■ INFORMATION PROVIDED
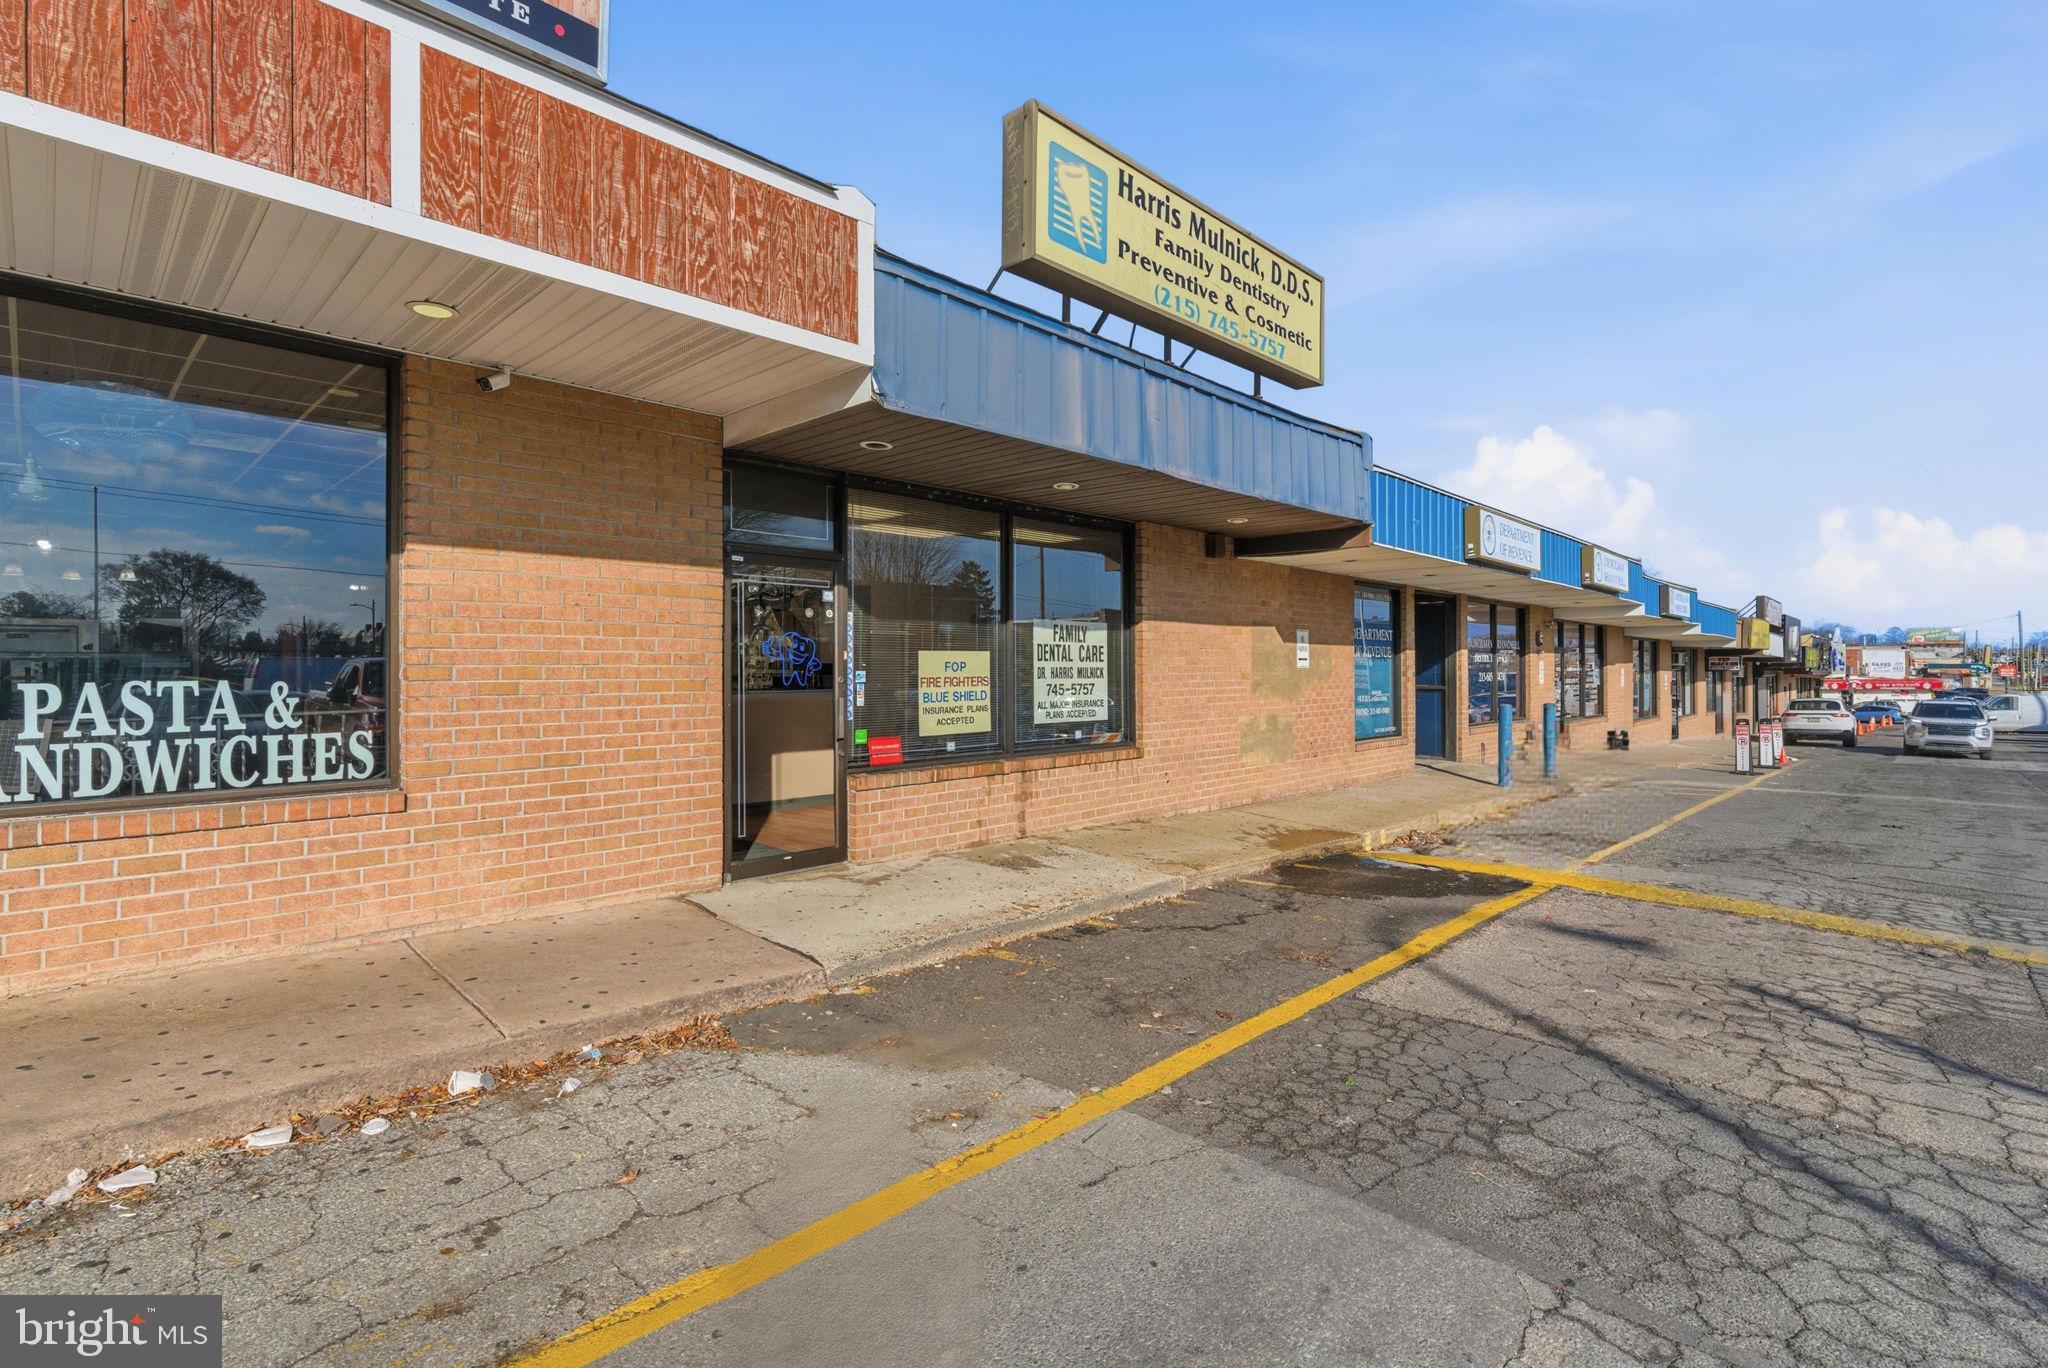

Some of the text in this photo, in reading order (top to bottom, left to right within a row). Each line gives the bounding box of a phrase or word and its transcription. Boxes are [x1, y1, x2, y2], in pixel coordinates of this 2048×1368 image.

[1117, 167, 1314, 306] Harris Mulnick, D.D.S.
[1155, 227, 1290, 318] Family Dentistry
[1117, 238, 1312, 351] Preventive & Cosmetic
[1154, 284, 1287, 360] (215) 745-5757
[1053, 624, 1088, 643] FAMILY
[1037, 643, 1105, 662] DENTAL CARE
[944, 662, 967, 673] FOP
[1037, 667, 1104, 679] DR. HARRIS MULNICK
[920, 675, 989, 688] FIRE FIGHTERS
[1046, 683, 1095, 696] 745-5757
[923, 690, 988, 703] BLUE SHIELD
[16, 679, 303, 741] PASTA &
[922, 704, 989, 715] INSURANCE PLANS
[1037, 701, 1048, 709] ALL
[1071, 699, 1105, 708] INSURANCE
[936, 716, 975, 726] ACCEPTED
[1046, 709, 1097, 720] PLANS ACCEPTED
[0, 730, 375, 804] NDWICHES
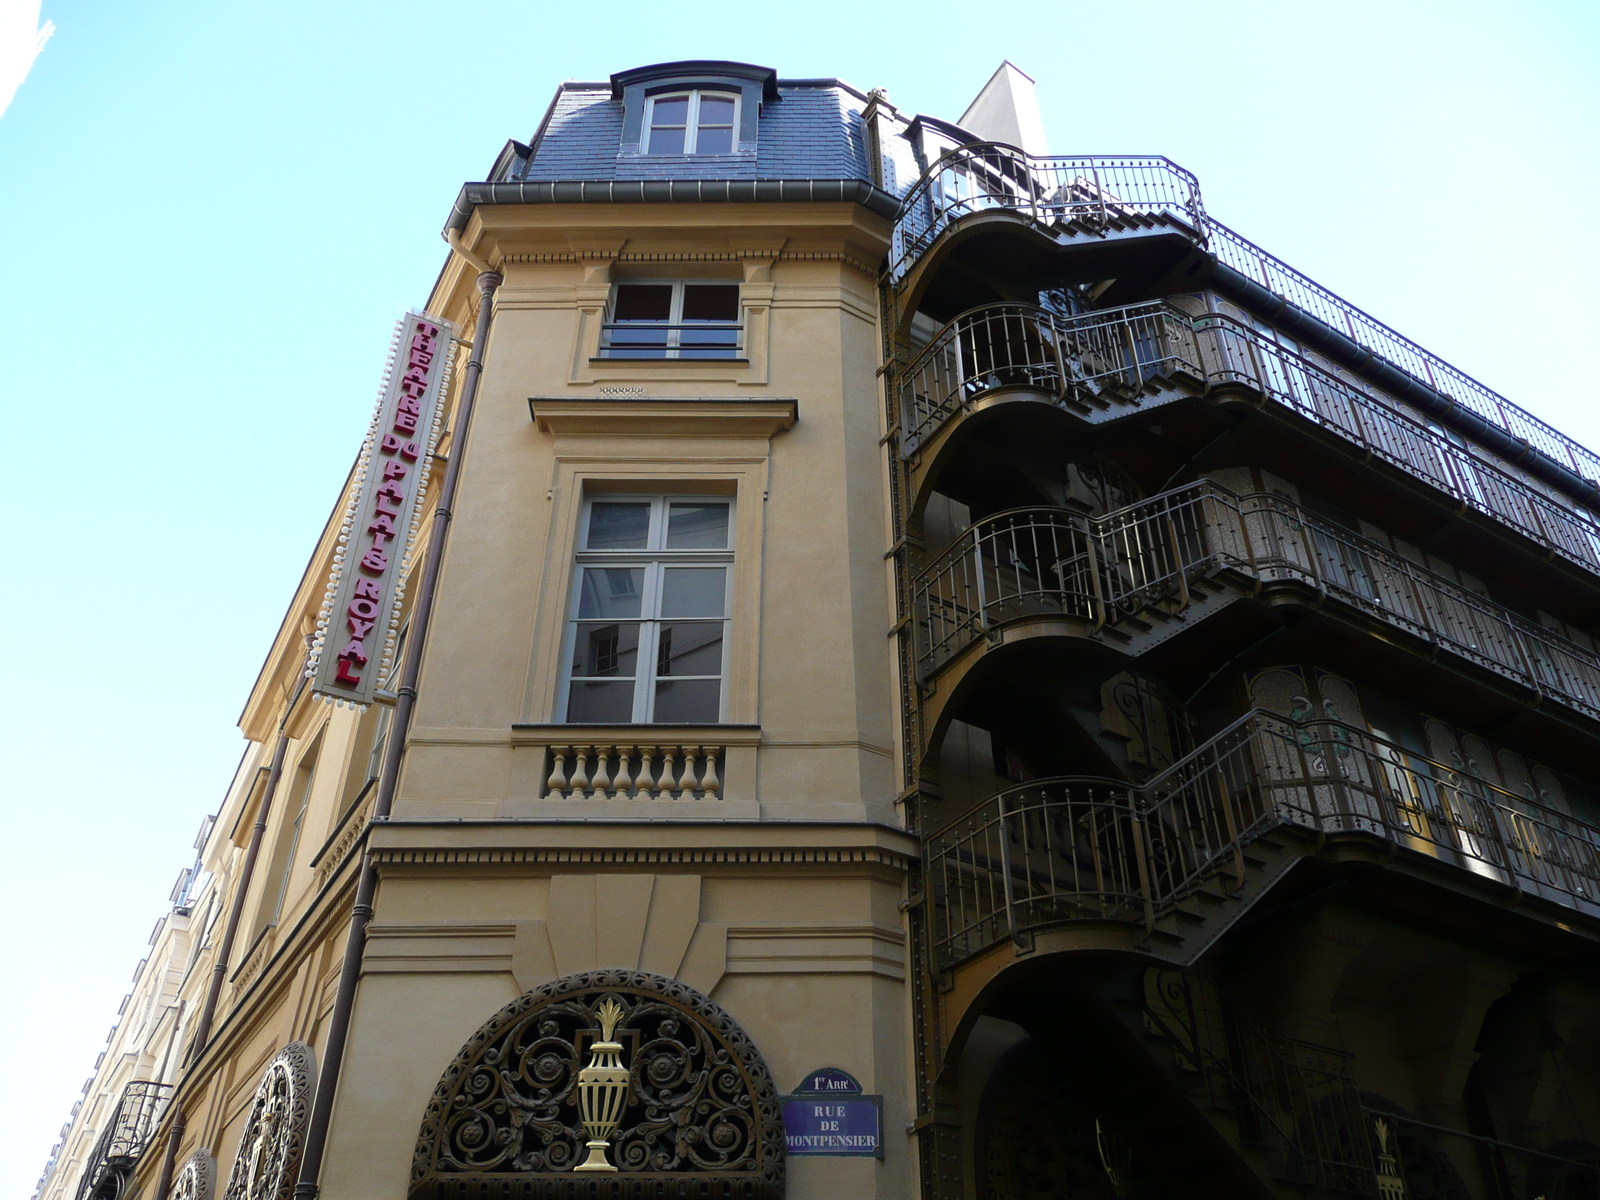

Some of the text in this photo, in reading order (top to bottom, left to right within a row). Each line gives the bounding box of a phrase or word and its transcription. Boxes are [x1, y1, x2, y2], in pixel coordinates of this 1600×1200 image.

[335, 321, 438, 687] THEATRE DU PALAIS ROYAL
[814, 1106, 846, 1117] RUE
[820, 1121, 839, 1131] DE
[786, 1135, 876, 1147] MONTPENSIER
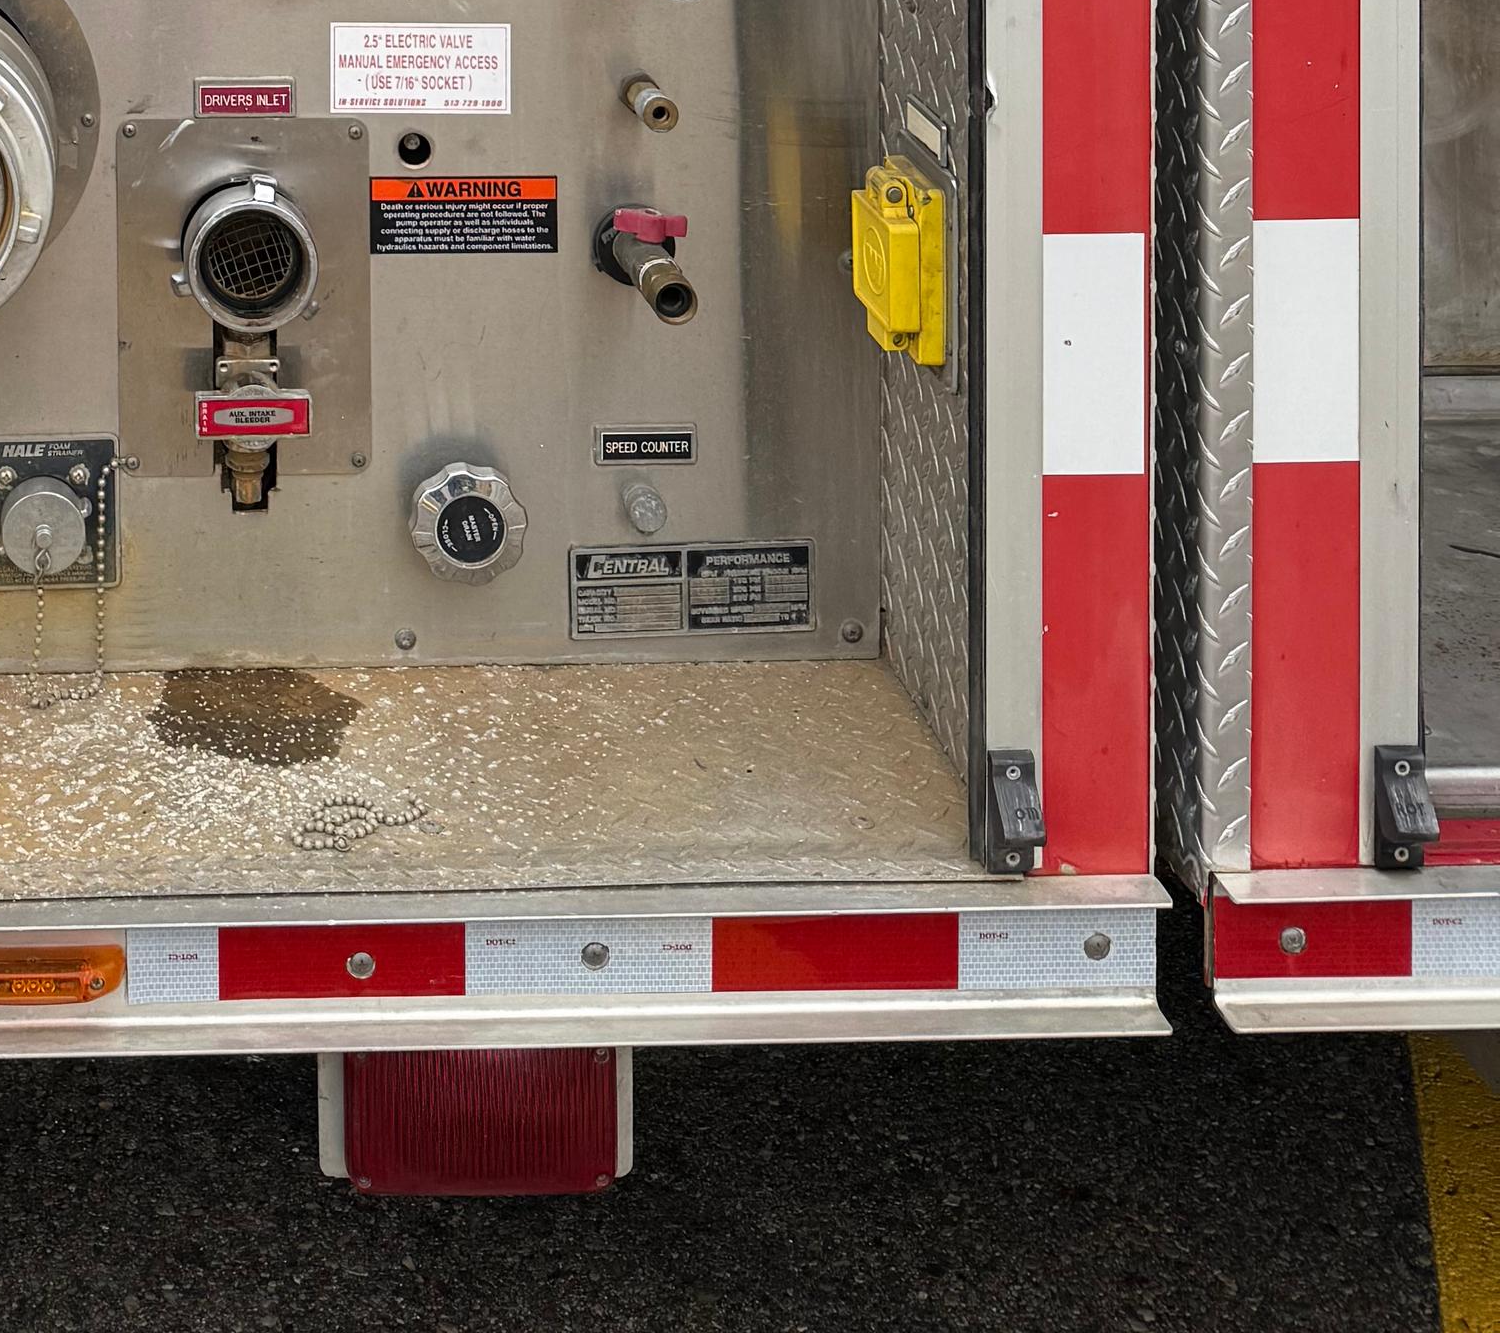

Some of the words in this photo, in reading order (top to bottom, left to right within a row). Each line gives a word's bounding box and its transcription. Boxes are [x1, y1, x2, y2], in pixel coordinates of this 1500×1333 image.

[385, 34, 436, 48] ELECTRIC
[440, 35, 473, 48] VALVE
[339, 55, 383, 69] MANUAL
[386, 55, 451, 69] EMERGENCY
[455, 55, 498, 70] ACCESS
[371, 76, 392, 90] USE
[421, 76, 466, 90] SOCKET
[204, 94, 252, 106] DRIVERS
[256, 93, 287, 106] INLET
[383, 98, 427, 107] SOLUTIONS
[426, 181, 521, 197] WARNING
[445, 203, 467, 211] injury
[383, 212, 420, 220] operating
[422, 211, 465, 219] procedures
[380, 227, 423, 235] connecting
[425, 227, 451, 235] supply
[463, 227, 500, 235] discharge
[376, 243, 417, 252] hydraulics
[466, 243, 510, 251] component
[3, 444, 46, 457] HALE
[605, 441, 638, 453] SPEED
[640, 441, 689, 452] COUNTER
[468, 515, 481, 542] MASTER
[706, 553, 790, 565] PERFORMANCE
[587, 555, 670, 578] CENTRAL
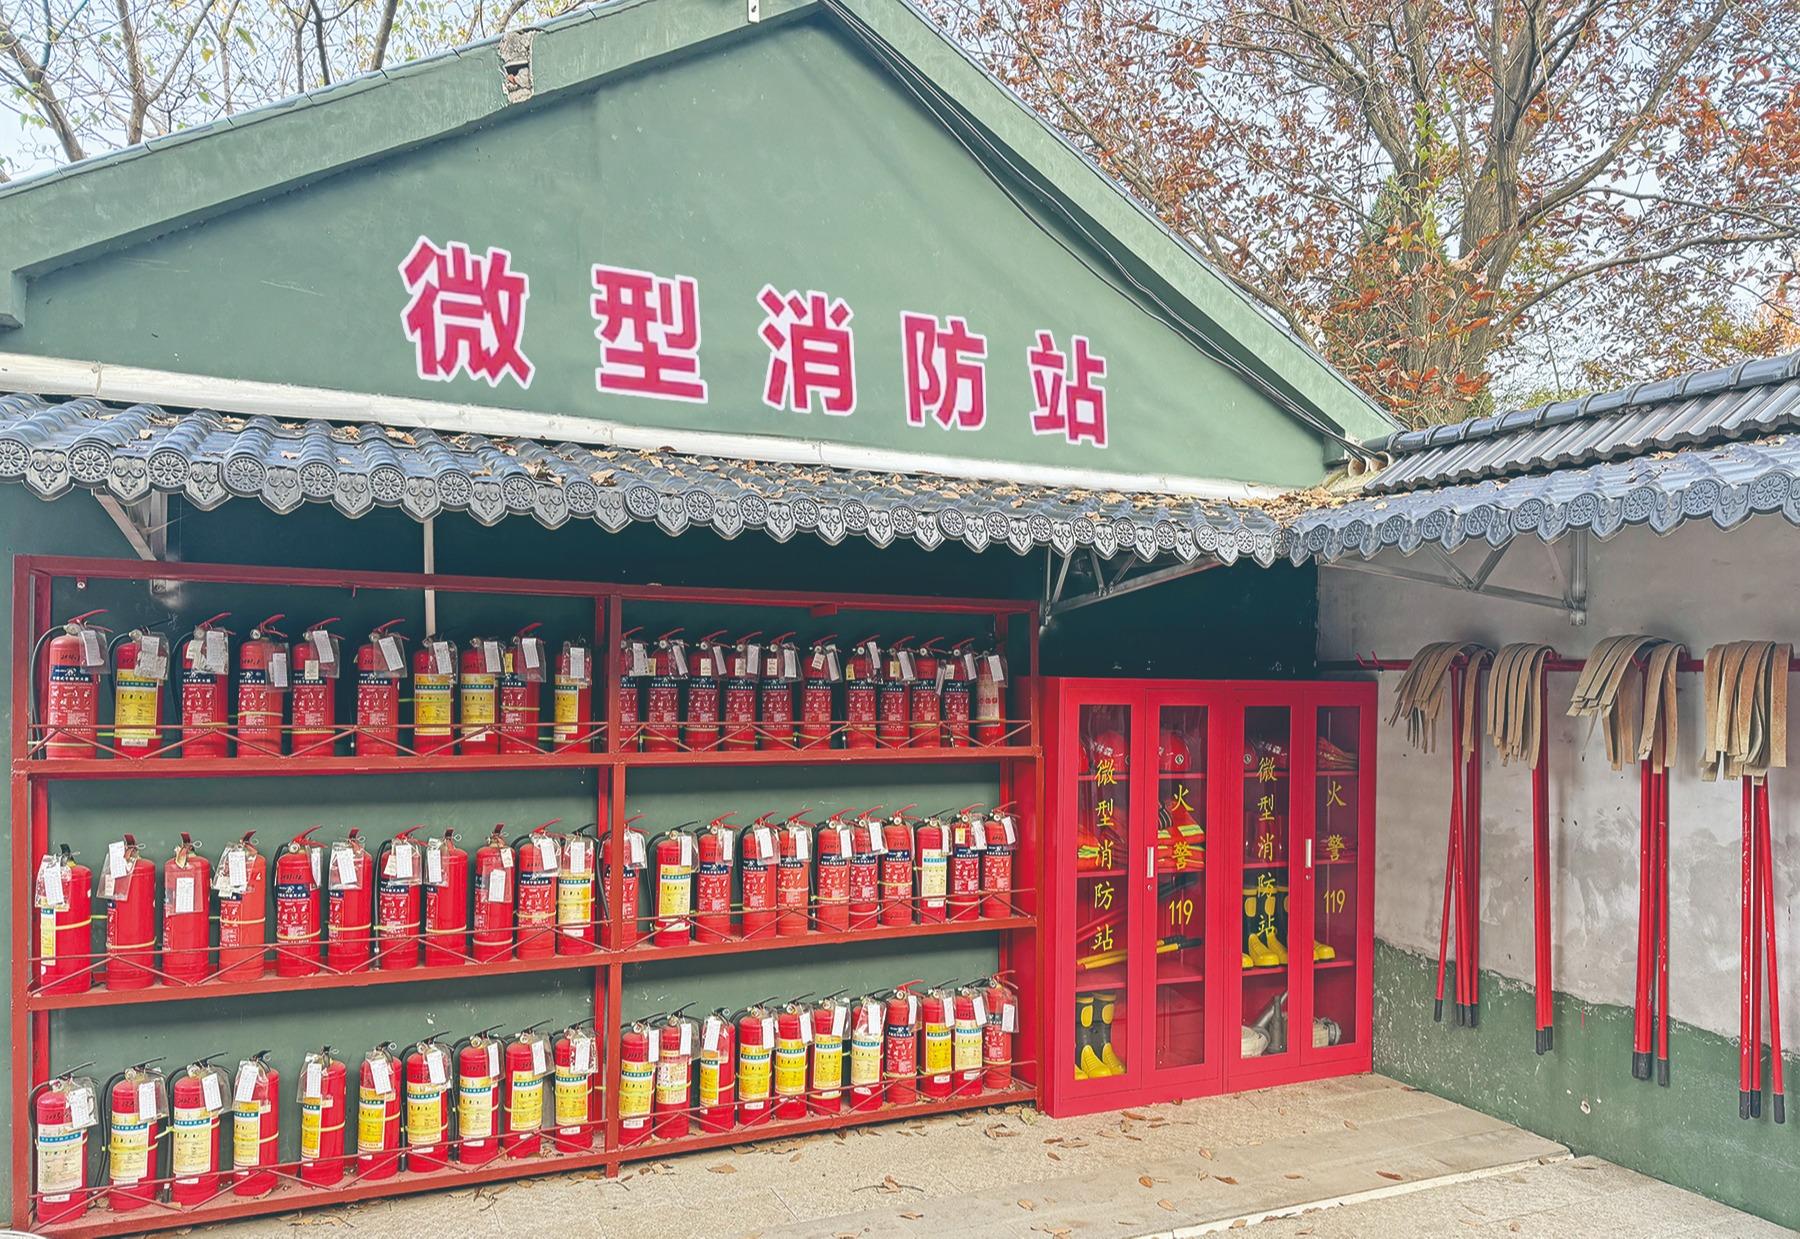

■ WORK INSTRUCTIONS
Exactly as written, please copy out the whole set of records, skipping images.

■ OUTPUT BELOW
Some of the text in this photo, in reading order (top to bottom, left to right within a row). Each line gives the bounding box of a phrase or word and its transcription. Boxes are [x1, y1, x2, y2], in pixel coordinates of this 2048×1368 image.

[1117, 167, 1314, 306] Harris Mulnick, D.D.S.
[1155, 227, 1290, 318] Family Dentistry
[1117, 238, 1312, 351] Preventive & Cosmetic
[1154, 284, 1287, 360] (215) 745-5757
[1053, 624, 1088, 643] FAMILY
[1037, 643, 1105, 662] DENTAL CARE
[944, 662, 967, 673] FOP
[1037, 667, 1104, 679] DR. HARRIS MULNICK
[920, 675, 989, 688] FIRE FIGHTERS
[1046, 683, 1095, 696] 745-5757
[923, 690, 988, 703] BLUE SHIELD
[16, 679, 303, 741] PASTA &
[922, 704, 989, 715] INSURANCE PLANS
[1037, 701, 1048, 709] ALL
[1071, 699, 1105, 708] INSURANCE
[936, 716, 975, 726] ACCEPTED
[1046, 709, 1097, 720] PLANS ACCEPTED
[0, 730, 375, 804] NDWICHES

Some of the text in this photo, in reading order (top to bottom, left to right within a row). Each line gives the bounding box of a phrase or word and its transcription. Boxes are [x1, y1, x2, y2], in pixel coordinates of this 1600×1200 image.

[335, 321, 438, 687] THEATRE DU PALAIS ROYAL
[814, 1106, 846, 1117] RUE
[820, 1121, 839, 1131] DE
[786, 1135, 876, 1147] MONTPENSIER

Some of the words in this photo, in reading order (top to bottom, left to right within a row). Each line gives a word's bounding box and its transcription. Boxes are [x1, y1, x2, y2], in pixel coordinates of this 1500×1333 image.

[385, 34, 436, 48] ELECTRIC
[440, 35, 473, 48] VALVE
[339, 55, 383, 69] MANUAL
[386, 55, 451, 69] EMERGENCY
[455, 55, 498, 70] ACCESS
[371, 76, 392, 90] USE
[421, 76, 466, 90] SOCKET
[204, 94, 252, 106] DRIVERS
[256, 93, 287, 106] INLET
[383, 98, 427, 107] SOLUTIONS
[426, 181, 521, 197] WARNING
[445, 203, 467, 211] injury
[383, 212, 420, 220] operating
[422, 211, 465, 219] procedures
[380, 227, 423, 235] connecting
[425, 227, 451, 235] supply
[463, 227, 500, 235] discharge
[376, 243, 417, 252] hydraulics
[466, 243, 510, 251] component
[3, 444, 46, 457] HALE
[605, 441, 638, 453] SPEED
[640, 441, 689, 452] COUNTER
[468, 515, 481, 542] MASTER
[706, 553, 790, 565] PERFORMANCE
[587, 555, 670, 578] CENTRAL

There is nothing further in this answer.